HE MAY have famously got it wrong in 1987, but former weatherman Michael Fish's predictions about the future will shake up the sceptics, campaigners say.

The former BBC forecaster, who played down the threat of a hurricane approaching Britain in 1987, will give a 'dire warning' to Dorset about years of worsening weather which can't be stopped.

His appearance in Dorchester is part of Dorset's Climate Week which runs from March 1-6.

Mr Fish, who became a national icon through his forecasts on the BBC, will spearhead a 'grim reality check'.

He will deliver a lecture at the Corn Exchange on Monday, March 3 entitled 'Climate Change - The Ultimate Weapon Of Mass Destruction'. Tickets are free but must be booked in advance.

Mr Fish, who spent 42 years with the Meteorological Office, said: “There could be much more severe weather and floods in the UK. It is too late to do more than slow it.

He added: “The weird weather has already been responsible for possibly millions of deaths and many more will occur, through floods, droughts, disease and famine.”
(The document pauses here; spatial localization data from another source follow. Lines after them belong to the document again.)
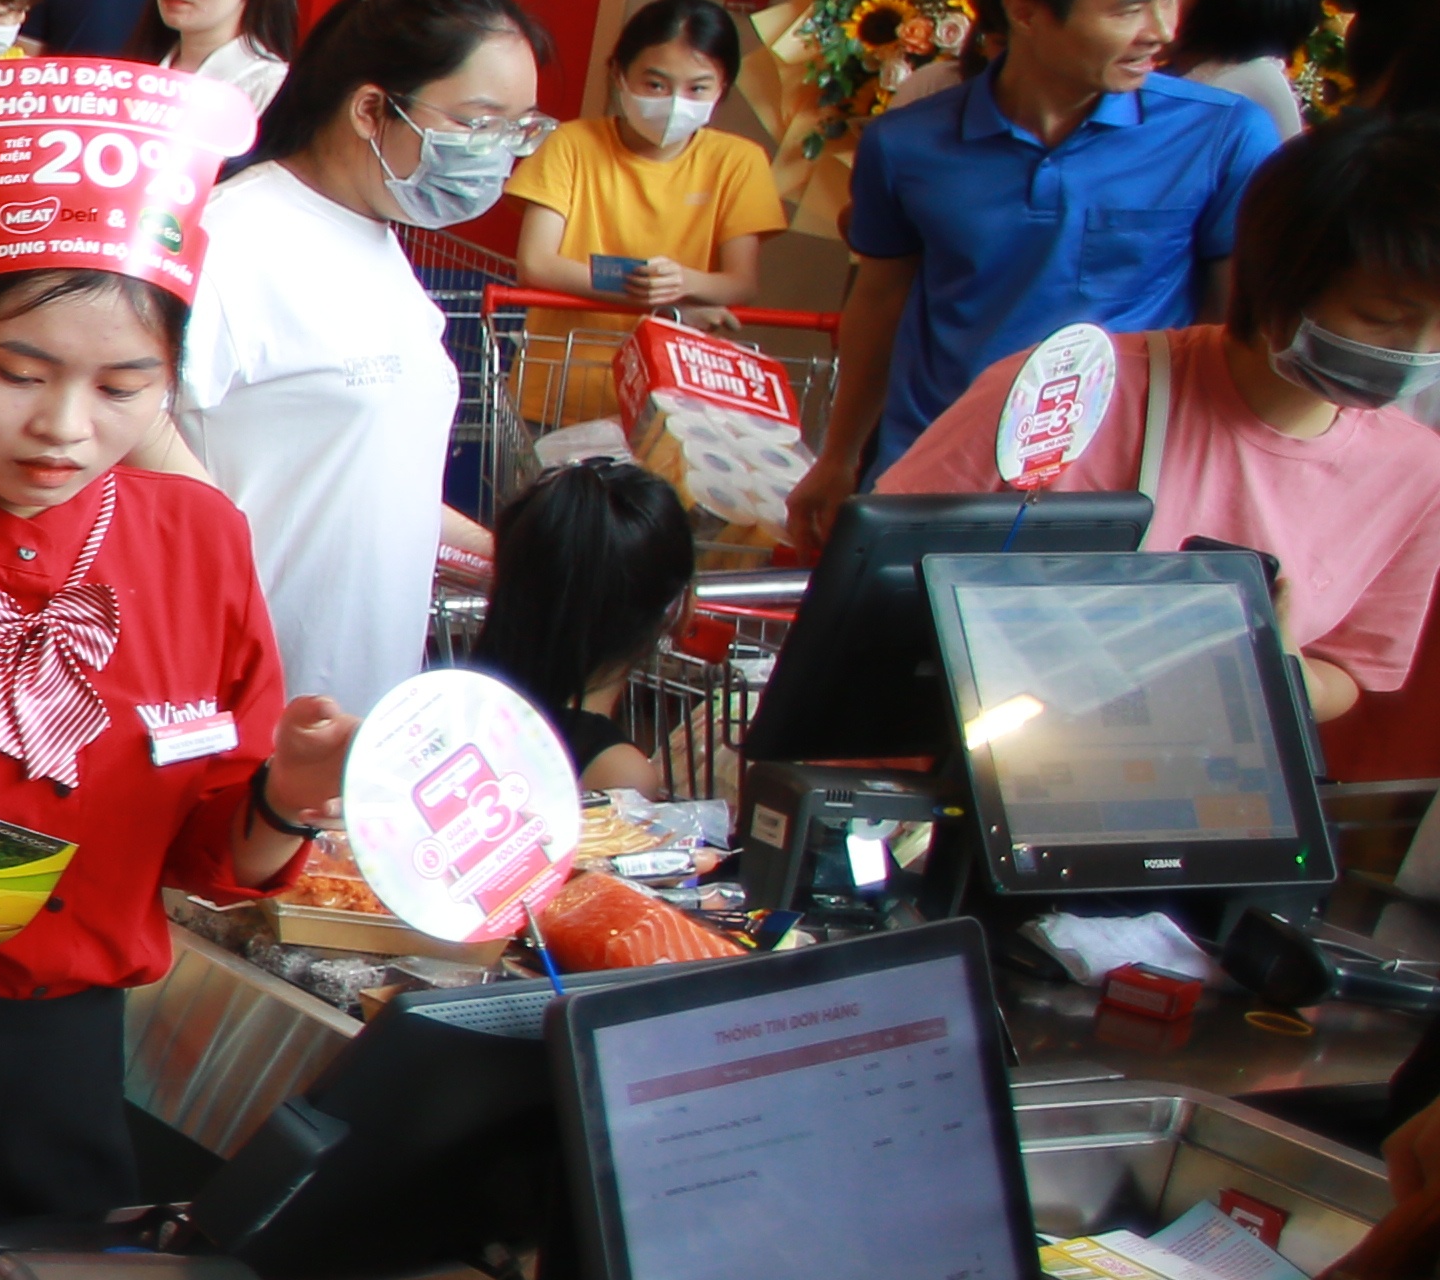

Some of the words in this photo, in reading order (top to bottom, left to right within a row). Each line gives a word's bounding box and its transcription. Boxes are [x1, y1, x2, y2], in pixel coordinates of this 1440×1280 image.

[19, 62, 69, 86] ĐÃI
[73, 64, 133, 92] ĐẶC
[51, 91, 118, 116] VIÊN
[4, 135, 34, 149] TIẾT
[32, 129, 197, 206] 20%
[5, 207, 55, 226] MEAT
[106, 209, 127, 228] &
[48, 238, 101, 255] TOÀN
[102, 240, 130, 261] BỘ
[678, 343, 734, 374] Mua
[1144, 858, 1183, 869] POSBANK
[764, 1017, 787, 1036] TIN
Although authorities are only recently waking up to the problems of climate change, Mr Fish said the weather has been known to be worsening for more than 40 years.
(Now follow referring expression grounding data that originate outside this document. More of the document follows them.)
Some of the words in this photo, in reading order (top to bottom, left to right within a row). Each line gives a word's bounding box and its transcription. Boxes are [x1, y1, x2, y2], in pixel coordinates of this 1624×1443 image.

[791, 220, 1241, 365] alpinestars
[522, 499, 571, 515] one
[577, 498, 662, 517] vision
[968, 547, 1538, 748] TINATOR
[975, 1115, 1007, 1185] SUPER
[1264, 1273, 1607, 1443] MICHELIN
He added: “The South West can expect more floods and droughts. The only advantage will be a longer growing season.”

Supporting Mr Fish's forecast that the effects of climate change may be slowed, Dorset's Communities Living Sustainably (CLS) group has organised a week of events aimed at inspiring a new wave of action against the weather threat.
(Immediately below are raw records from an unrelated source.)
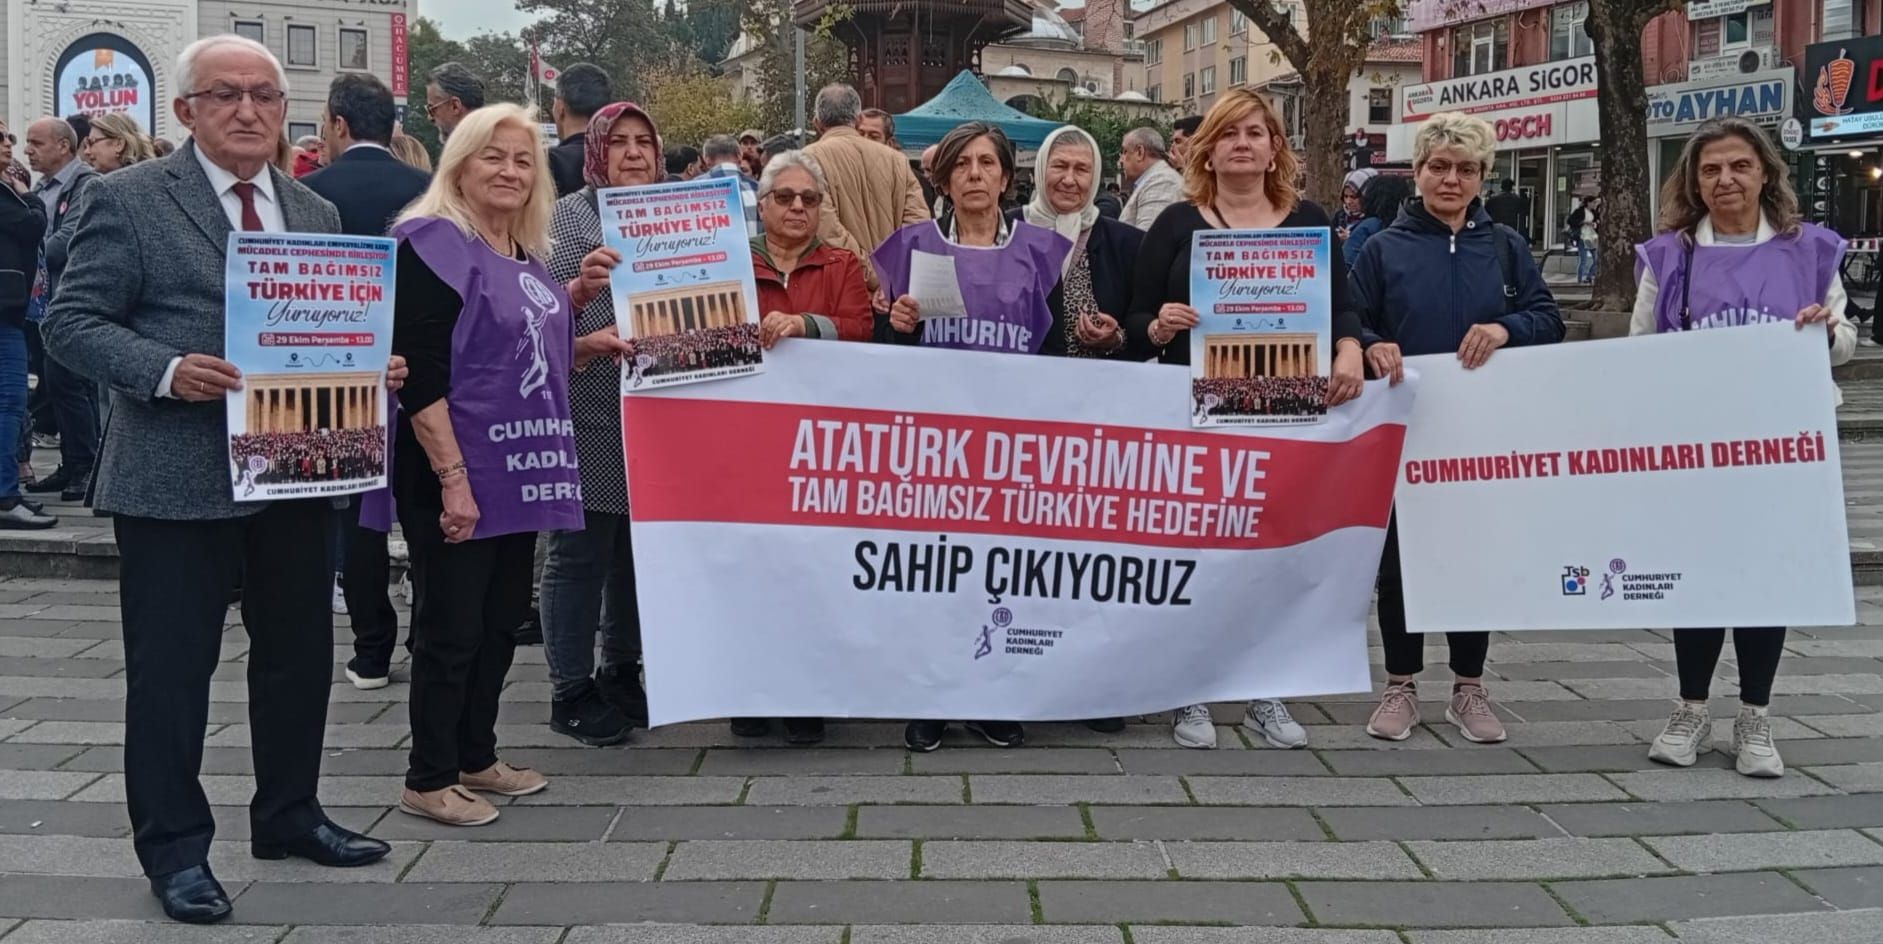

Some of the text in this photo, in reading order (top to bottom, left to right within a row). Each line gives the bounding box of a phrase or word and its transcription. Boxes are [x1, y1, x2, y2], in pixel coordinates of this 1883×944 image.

[1439, 62, 1598, 106] ANKARA SİGOR
[73, 88, 138, 109] YOLUN
[1675, 82, 1782, 122] AYHAN
[1494, 113, 1552, 142] OSCH
[616, 200, 727, 220] TAM BAĞIMSIZ
[618, 213, 731, 239] TÜRKİYE İÇİN
[237, 245, 287, 256] MÜCADELE
[289, 248, 345, 258] CEPHESİNDE
[1206, 248, 1313, 261] TAM BAĞIMSIZ
[248, 260, 382, 277] TAM BAĞIMSIZ
[1205, 262, 1315, 282] TÜRKİYE İÇİN
[247, 277, 382, 306] TÜRKİYE İÇİN
[276, 336, 287, 344] 29
[288, 336, 310, 344] Ekim
[790, 415, 1271, 500] ATATÜRK DEVRİMİNE VE
[1405, 430, 1826, 485] CUMHURİYET KADINLARI DERNEĞİ
[266, 486, 318, 496] CUMHURİYET
[320, 483, 357, 493] KADINLARI
[788, 473, 1264, 538] TAM BAĞIMSIZ TÜRKİYE HEDEFİNE
[853, 534, 1197, 605] SAHİP ÇIKIYORUZ
[1621, 573, 1682, 582] CUMHURİYET
[1622, 583, 1674, 591] KADINLARI
[1623, 592, 1664, 600] DERNEĞİ
[1006, 637, 1054, 647] KADINLARI
[1007, 628, 1063, 638] CUMHURİYET
[1005, 646, 1044, 656] DERNEĞİ
  • March 1 The campaign will launch at Litton and Thorner's Community Hall, Litton Cheney, with an action planning meeting on strengthening local food links in West Dorset. Speakers including Tom Andrews of the new national Sustainable Food Cities Programme and Traci Lewis from Foods Plymouth will share their experiences and advice for putting food at the heart of the local policy agenda.
  • March 3 Mr Fish will be joined by writer and poet Matt Harvey in Dorchester, who will present his view on sustainable energy. Free tickets for Michael Fish's lecture and other events can be booked at clsdorset.org.uk *March 5 Pupils from schools in Bridport will meet with the CLS to discuss ideas for tackling climate change. Schools around Dorchester will also be visited by CLS representatives to launch a two-year initiative to lessen environmental impact and encourage environmental leadership in students.
  • March 6 Bridport Arts Centre will host a Focus On Energy film day, which will include movies on the evidence of climate change, energy efficiency in the home and a documentary with contributions from more than 50 politicians, scientists and environmental campaigners on the state of the planet and how to save it.